Burn injuries and their care are typically described in three phases: acute, subacute, and chronic. The acute phase of burn injury describes the 48-hour postinjury period when a classic systemic inflammatory response is present and requires critical interventions, including airway management and aggressive fluid resuscitation. Inhalation injury may be present as a result of damage to both the upper and lower airway by steam, smoke, and/or toxic chemicals; its presence predicts increased incidence of respiratory failure and mortality. Cardinal features of upper airway injury during this phase include stridor, dysphonia, dysphagia, and glottic and periglottic edema. Upper airway narrowing is augmented by accumulation of extravascular fluid/edema with the rapid administration of resuscitation fluids.
Subglottic or lower airway inhalational injury during the acute phase results from a constellation of pathophysiologic changes. Tracheobronchial epithelial damage leads to impaired mucociliary function, mucosal edema and sloughing, and increased airway secretions, all of which lead to lower airway obstruction, atelectasis, and consequent ventilation/perfusion (V/Q) mismatch. Toxic inhalation products in smoke trigger increased bronchial blood flow that, in combination with fluid resuscitation and compromised capillary membrane integrity, leads to further bronchial edema. Nitric oxide is also released with inhalation injury and impairs hypoxic pulmonary vasoconstriction, further contributing to physiologic shunt and V/Q mismatch. Lower airway injury during the acute phase of injury generally presents as bronchospasm from the inhalation of aerosolized irritants. Therefore, bronchodilator therapy is often required, and administration of epinephrine may be necessary if bronchospasm is refractory to other treatments.

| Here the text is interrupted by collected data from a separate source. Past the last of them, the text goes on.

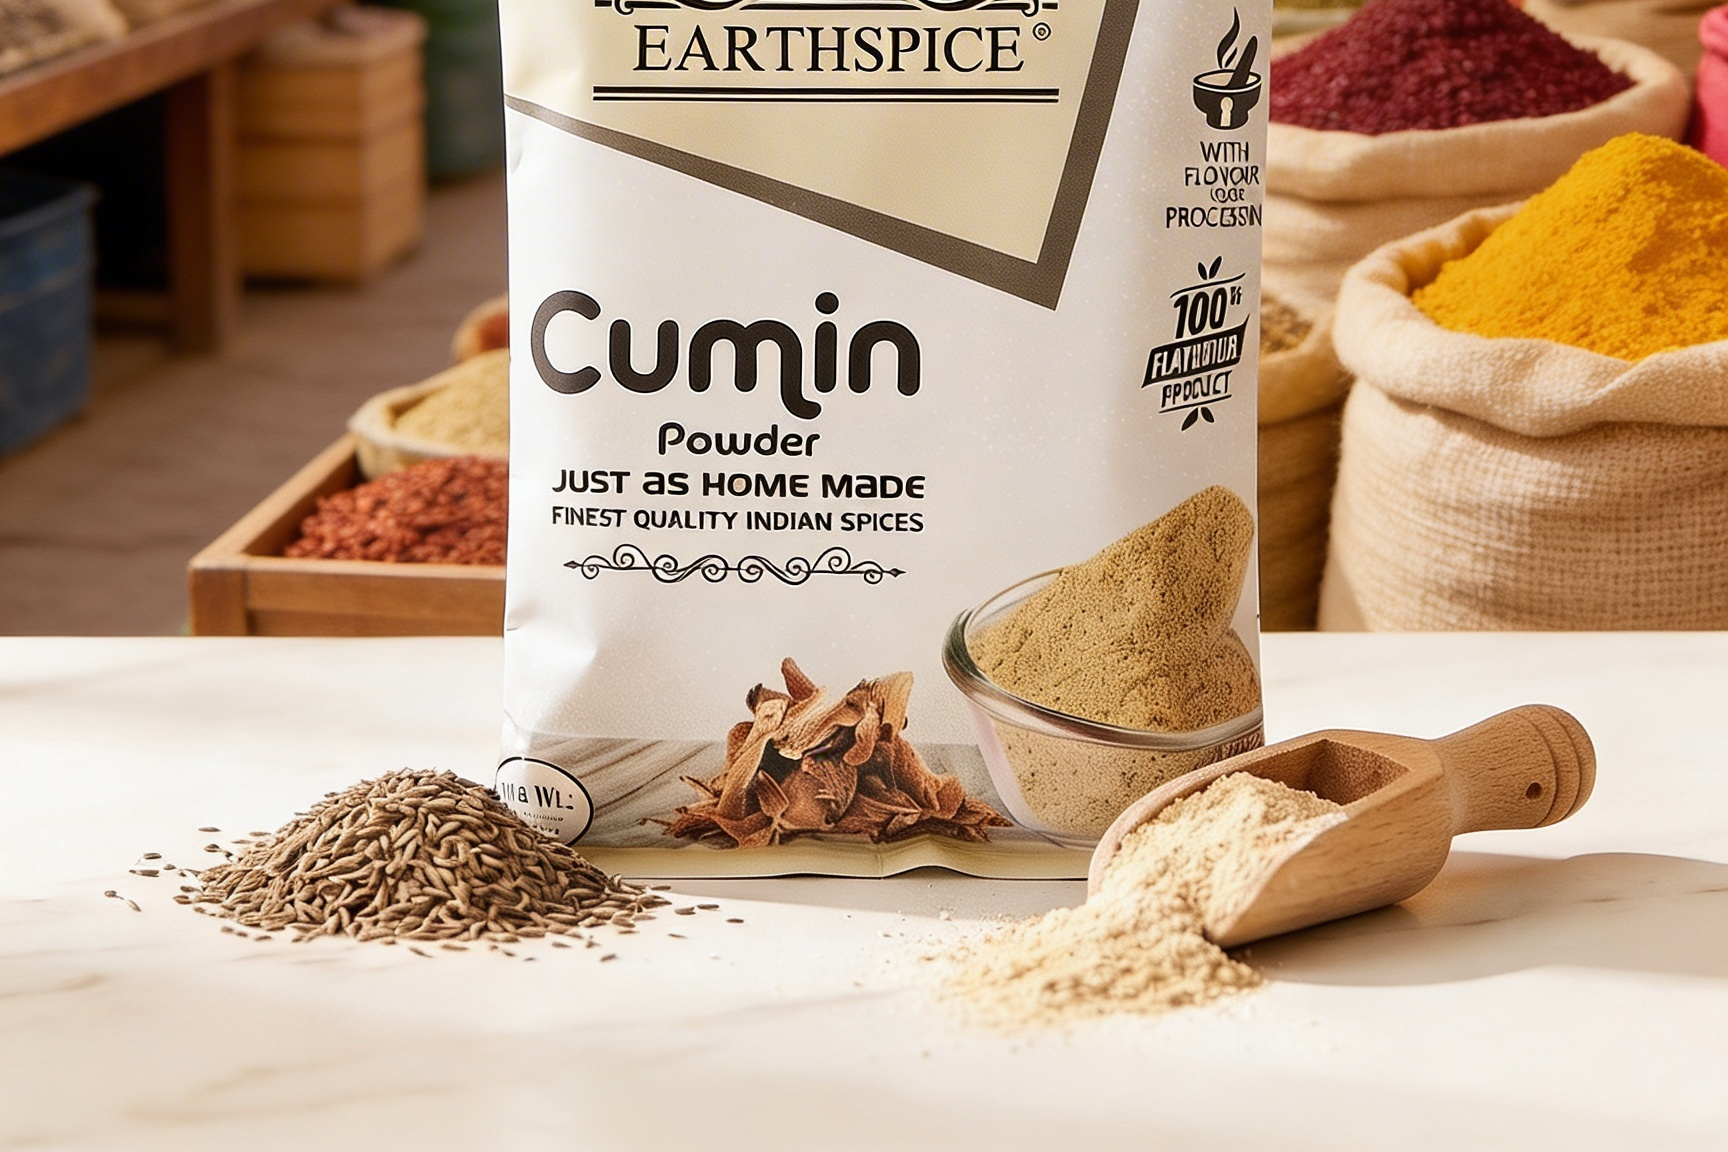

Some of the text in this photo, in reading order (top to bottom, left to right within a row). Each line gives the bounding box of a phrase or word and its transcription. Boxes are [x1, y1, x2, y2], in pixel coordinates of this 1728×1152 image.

[632, 25, 1025, 73] EARTHSPICE
[1200, 141, 1249, 163] WITH
[530, 290, 921, 419] Cumin
[657, 422, 821, 457] Powder
[552, 469, 630, 495] JUST
[702, 472, 809, 498] HOME
[552, 506, 924, 533] FINEST QUALITY INDIAN SPICES
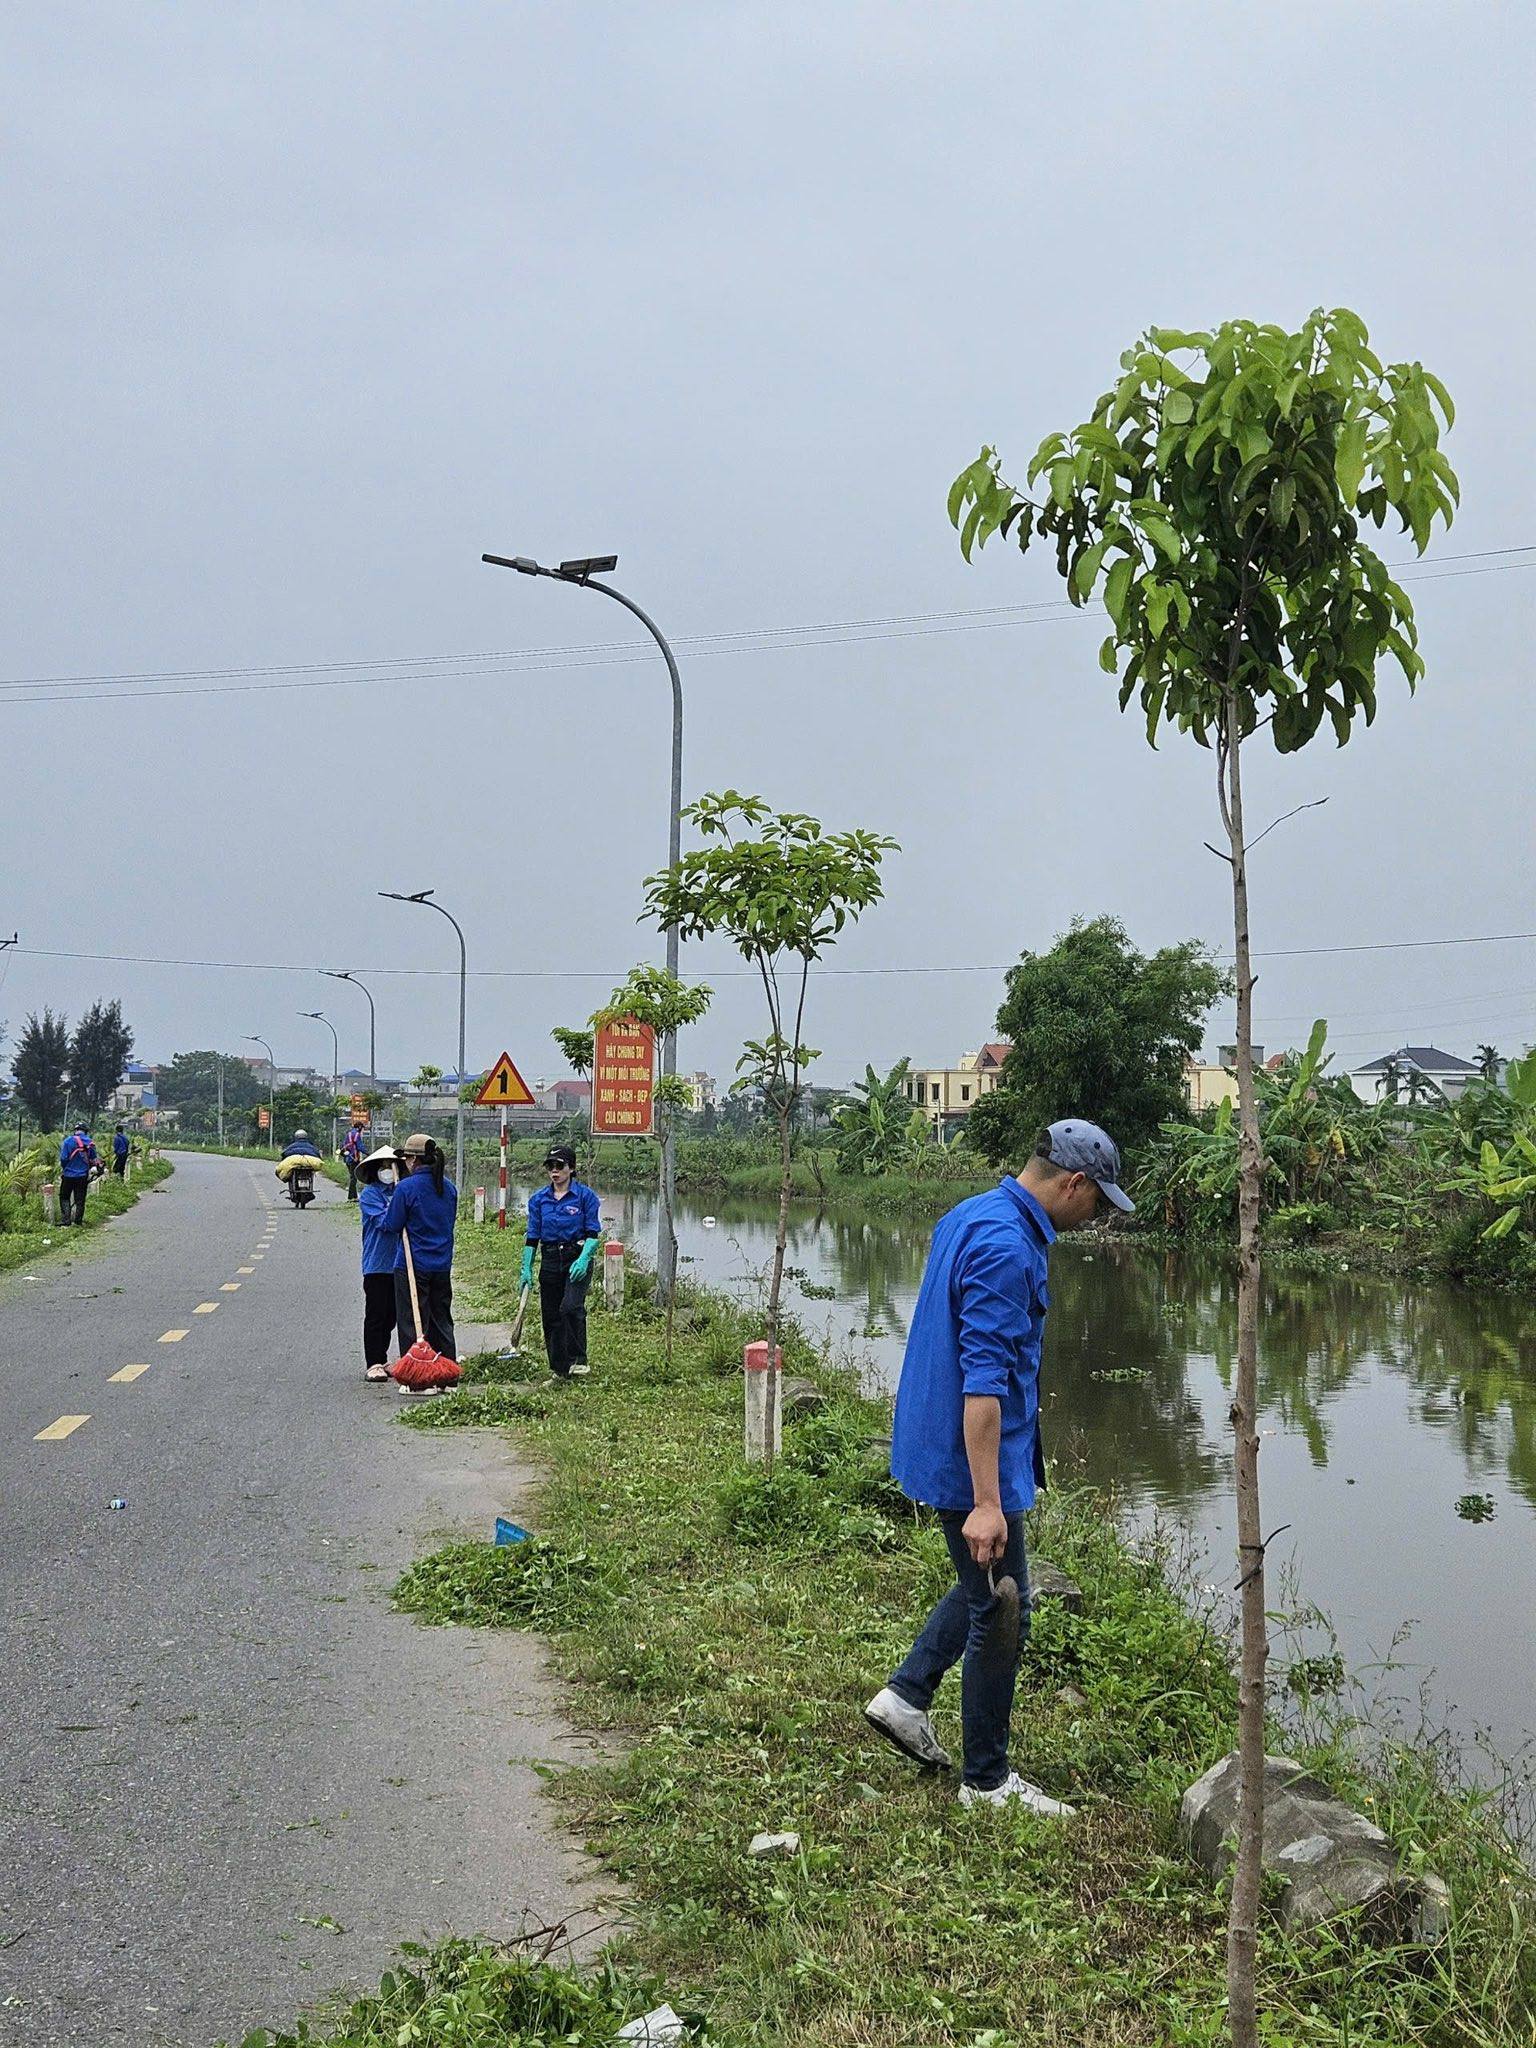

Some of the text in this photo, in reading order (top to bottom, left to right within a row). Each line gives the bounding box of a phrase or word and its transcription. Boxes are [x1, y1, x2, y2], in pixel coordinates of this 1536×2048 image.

[600, 1089, 615, 1102] XANH
[619, 1089, 633, 1106] SẠCH
[637, 1089, 648, 1106] ĐẸP

The presence of circumferential full-thickness thoracic burns can also produce oxygenation and ventilation difficulties in the acute phase of burn injury. Such injuries reduce thoracic compliance and create a restrictive lung defect. This defect is worsened with large volume burn resuscitation, and limits chest wall excursion with either spontaneous or positive-pressure ventilation. Treatment of this restrictive defect involves chest wall escharotomies.
The subacute phase of burn injury begins approximately 3 to 5 days after injury, when burn wound excision and grafting procedures typically begin. The subacute phase is often marked by worsening pulmonary function and respiratory distress due to further accumulation of mucosal debris and secretions, and infectious complications (e.g., wound infection, pneumonia). It is estimated that pneumonia and bronchitis occur in up to half of severely burned patients 1 week postinjury.
The chronic phase of burn injury occurs weeks to years after the initial insult. By this point, lower lung injury is generally resolved; however, new airway management issues can arise because of unpredictable fibrous tissue deposition and scarring that lead to skin contractures. Contractures of the neck and mouth can distort upper airway anatomy, cause severely constricted mouth opening, and limit neck movement, particularly neck extension. During this phase, patients can also develop tracheal stenosis as a consequence of prolonged tracheal intubation and/or tracheostomy placement. Chest wall contractures can result from spontaneously healed or grafted circumferential truncal burns and create a restrictive lung defect due to decreased chest wall compliance.